February 17, 2012
The Save the Children's report "A Life Free from Hunger: Tackling Child Malnutrition" highlights how important nutrition is to the health of the world's most vulnerable people, particularly mothers and children. Historically, Canada has been a leader in supporting international nutrition efforts globally. As I have stated on many occasions, it is important to help meet the need for food, but it is critical to provide the right food.
The report reminds us how nutrition affects the health of women and children and impacts their ability to resist disease, fight illness, survive delivery and early infancy, benefit from education, and survive hardship challenges that living in poverty presents.
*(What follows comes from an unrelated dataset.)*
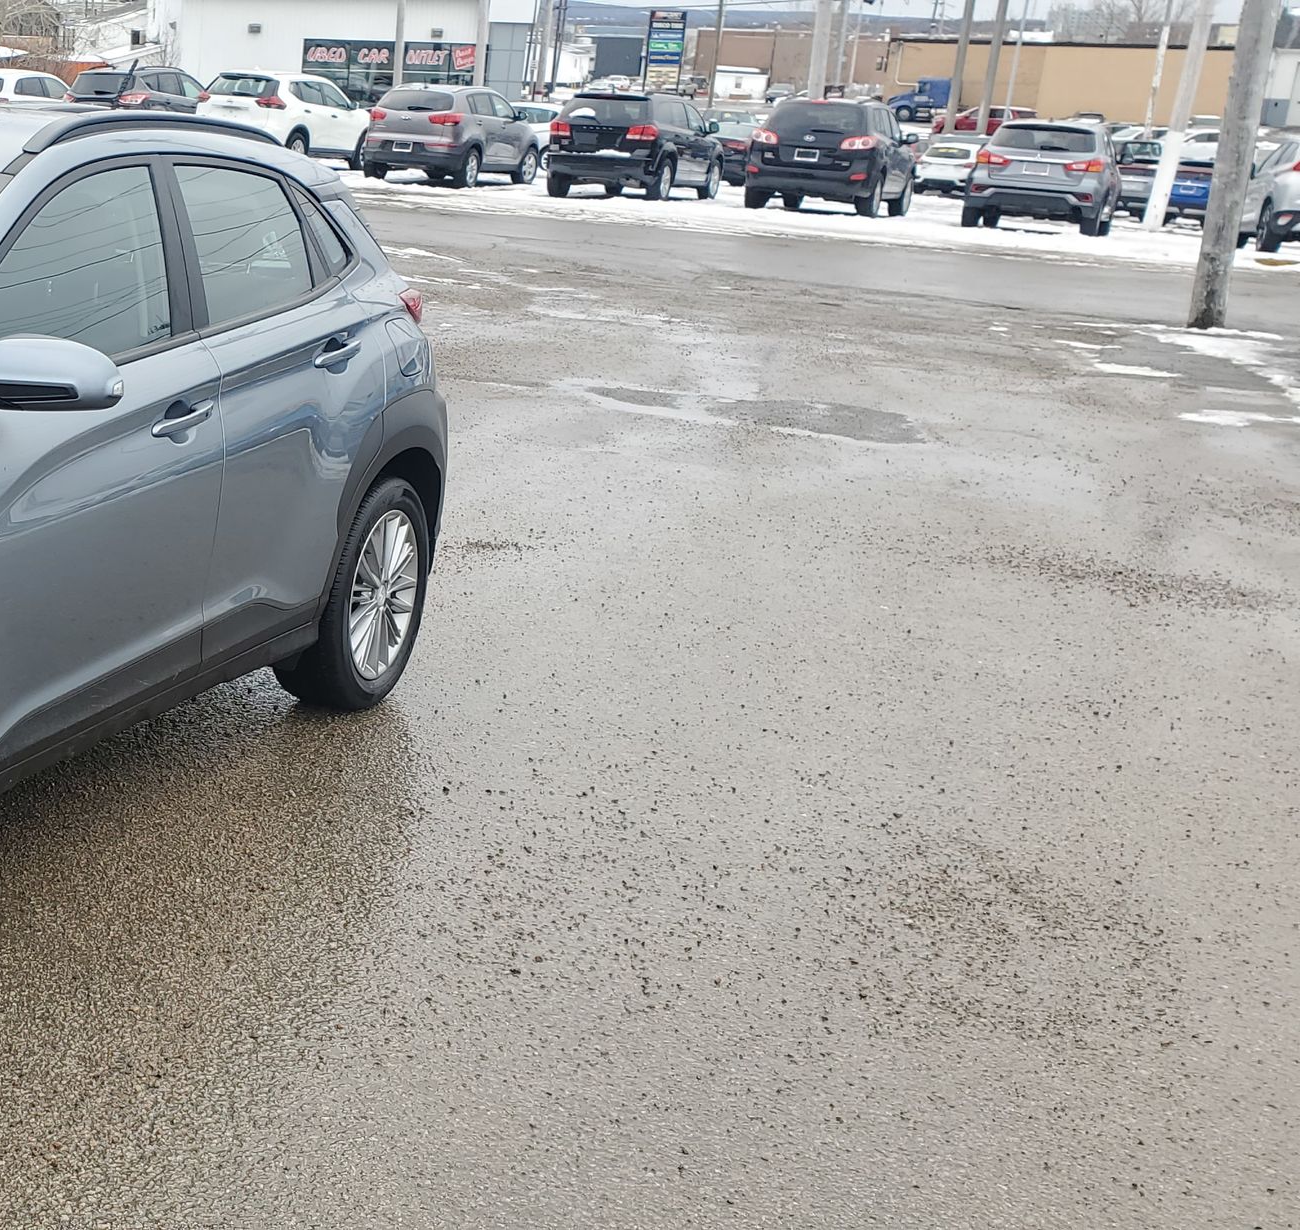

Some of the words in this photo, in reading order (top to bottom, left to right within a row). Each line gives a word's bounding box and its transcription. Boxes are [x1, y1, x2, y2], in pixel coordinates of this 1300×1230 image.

[306, 46, 348, 63] USED
[357, 47, 390, 64] CAR
[405, 49, 450, 65] OUTLET
Our government has incorporated nutrition into both its humanitarian and its development work. For example, Canada was one of the first countries to contact the World Food Programme immediately following the Haiti earthquake to ensure that the nutritional needs of victims of the earthquake were addressed. In response to the needs the victims of the recent floods in Pakistan, Canada has ensured that the diversity of food being provided to the victims has included an increase in fresh vegetables and fruits.
Under our government, CIDA's development work now has an open, stated focus on nutrition. Within our food security thematic sector focus, nutrition is a key part of our work in food assistance and agriculture. Many CIDA-supported projects help small-holder farmers, particularly women, cultivate more nutritious crops such as yams and pulses.
Canada also led global efforts to improve the health of mothers and children through its G8 Muskoka Initiative on Maternal and Child Health. We were also able to ensure that nutrition was an integral part of the UN Secretary General's Global Strategy on Women and Children's Health.
Our government has made a strong commitment to help meet the challenges for food security, maternal and child health and to do so effectively. That is why we have taken concrete steps to ensure that the nutritional needs of those living in poverty in developing countries will be met effectively and why we will continue to encourage others to follow our lead.